A 2021 Gallup Poll found that at least 7% of US adults identify as LGBTQ+, with the numbers trending sharply upward in younger age groups; roughly 10% of millennials (born between 1981 and 1996) and 21% of members of Generation Z (born between 1997 and 2003) are LGBTQ+.1 Nationally, 1.3 million adults identify as transgender, including 46,500 people in Ohio alone.2
Despite the growing population of LGBTQ+ community members, there often remains an adversarial relationship with health care providers. According to speaker Ty Stimpert, BSBA, manager of the LGBTQ+ Community Outreach and Patient Navigation Program at Cleveland Clinic Taussig Cancer Center, a 2010 Lambda Legal survey found that 56% of lesbian, gay, and bisexual individuals and 70% of transgender and gender-nonconforming people reported at least 1 of the following on the part of a provider: withheld medical care, refused to touch them, used harsh or abusive language, was physically rough, or blamed the patient for their health condition (such as having HIV infection).3
Other cultural and economic forces further marginalize the LGBTQ+ community. “Our community is more likely to be part of a racial or an ethnic minority in addition to LGBTQ+, more likely to live in poverty, and generally less likely to have social support when compared [with] cisgender and heterosexual peers, which means the intersectionality of these identities, unfortunately, will lead to more disparities in health care and in cancer [care],” Stimpert said.
According to symposium speaker NFN Scout, PhD, MA, executive director of the National LGBT Cancer Network in Providence, Rhoad Island; and vice president of Social Justice in Beverly Hills, California; whereas 24% of the general population identify as members of racial and ethnic minority groups, 42% of the LGBTQ+ community do so.

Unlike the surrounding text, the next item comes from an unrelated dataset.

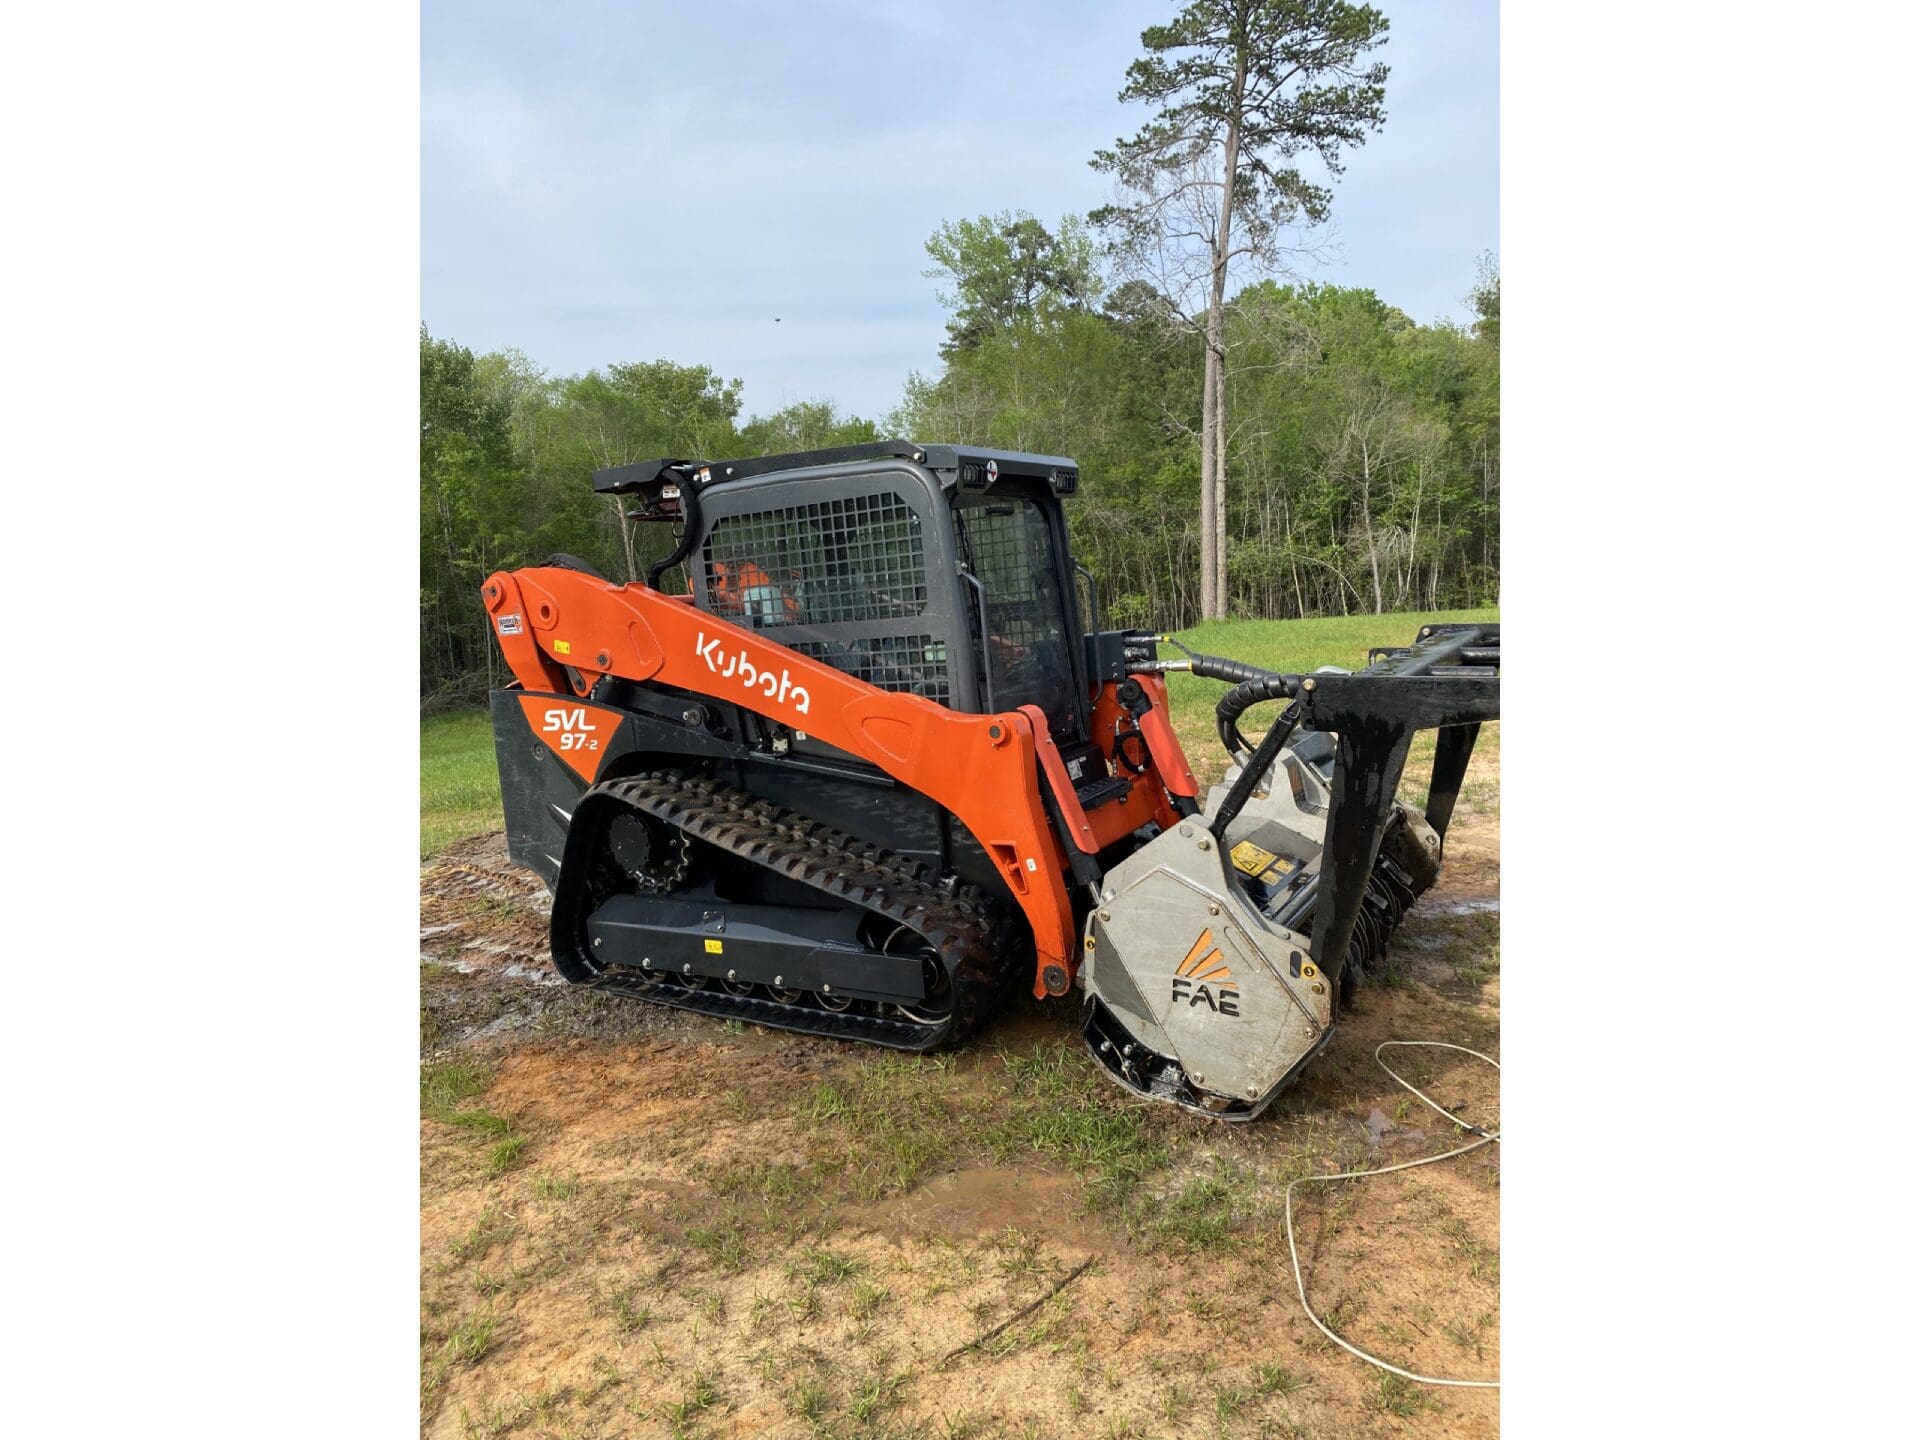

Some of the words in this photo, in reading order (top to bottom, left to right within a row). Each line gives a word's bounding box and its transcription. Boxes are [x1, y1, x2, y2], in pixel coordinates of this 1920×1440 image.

Scout noted that the well-known Black transgender activist and journalist Monica Roberts recently passed away. She had not seen a medical provider in many years, which Scout said was upsetting given Roberts’ high profile, influence, and education: “[She] actually [was] one of the more privileged trans people, which is why it’s even more frustrating and sad to realize that she was not seeing any doctor [whom]soever.”
Scout explained that as a Black transgender woman, Roberts faced a host of challenges, some of which prevented her from accessing and receiving the care that she needed. The Harvard Civil Rights-Civil Liberties Law Review has cited racism, homophobia, biphobia, transphobia, violence, poverty, unemployment, homelessness, and suicidal ideation as obstacles that Black trans people experience at disproportionate levels, adding that Black trans women are more likely than their male counterparts to be murdered.4 In short, being Black, female, and trans frequently means navigating multiple barriers in the health care system.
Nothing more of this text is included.